What is needed is an exact copy of all the lines below.

[Records from a dataset]
____
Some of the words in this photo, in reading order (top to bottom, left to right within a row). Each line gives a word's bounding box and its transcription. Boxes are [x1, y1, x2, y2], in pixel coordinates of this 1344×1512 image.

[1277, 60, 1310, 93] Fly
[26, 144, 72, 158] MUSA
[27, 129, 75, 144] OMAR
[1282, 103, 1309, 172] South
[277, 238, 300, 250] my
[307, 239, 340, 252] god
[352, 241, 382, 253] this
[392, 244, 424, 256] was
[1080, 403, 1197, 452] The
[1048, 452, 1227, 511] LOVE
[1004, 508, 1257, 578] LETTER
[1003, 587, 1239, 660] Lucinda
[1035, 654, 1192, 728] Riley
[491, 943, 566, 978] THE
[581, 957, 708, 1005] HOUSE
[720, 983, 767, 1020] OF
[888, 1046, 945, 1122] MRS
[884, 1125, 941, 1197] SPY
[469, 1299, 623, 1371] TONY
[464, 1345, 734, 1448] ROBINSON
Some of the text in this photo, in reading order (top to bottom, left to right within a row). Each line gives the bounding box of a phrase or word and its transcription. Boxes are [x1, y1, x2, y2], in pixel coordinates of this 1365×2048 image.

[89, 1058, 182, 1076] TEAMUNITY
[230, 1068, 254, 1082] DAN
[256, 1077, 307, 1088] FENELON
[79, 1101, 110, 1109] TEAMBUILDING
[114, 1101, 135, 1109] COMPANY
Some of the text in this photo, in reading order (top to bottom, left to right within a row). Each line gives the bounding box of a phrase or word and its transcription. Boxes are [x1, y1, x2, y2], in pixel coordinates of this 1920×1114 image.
____
Answer for this exercise →
Some of the words in this photo, in reading order (top to bottom, left to right within a row). Each line gives a word's bounding box and its transcription. Boxes are [x1, y1, x2, y2], in pixel coordinates of this 1344×1512 image.

[1277, 60, 1310, 93] Fly
[26, 144, 72, 158] MUSA
[27, 129, 75, 144] OMAR
[1282, 103, 1309, 172] South
[277, 238, 300, 250] my
[307, 239, 340, 252] god
[352, 241, 382, 253] this
[392, 244, 424, 256] was
[1080, 403, 1197, 452] The
[1048, 452, 1227, 511] LOVE
[1004, 508, 1257, 578] LETTER
[1003, 587, 1239, 660] Lucinda
[1035, 654, 1192, 728] Riley
[491, 943, 566, 978] THE
[581, 957, 708, 1005] HOUSE
[720, 983, 767, 1020] OF
[888, 1046, 945, 1122] MRS
[884, 1125, 941, 1197] SPY
[469, 1299, 623, 1371] TONY
[464, 1345, 734, 1448] ROBINSON
Some of the text in this photo, in reading order (top to bottom, left to right within a row). Each line gives the bounding box of a phrase or word and its transcription. Boxes are [x1, y1, x2, y2], in pixel coordinates of this 1365×2048 image.

[89, 1058, 182, 1076] TEAMUNITY
[230, 1068, 254, 1082] DAN
[256, 1077, 307, 1088] FENELON
[79, 1101, 110, 1109] TEAMBUILDING
[114, 1101, 135, 1109] COMPANY
Some of the text in this photo, in reading order (top to bottom, left to right within a row). Each line gives the bounding box of a phrase or word and its transcription. Boxes are [x1, y1, x2, y2], in pixel coordinates of this 1920×1114 image.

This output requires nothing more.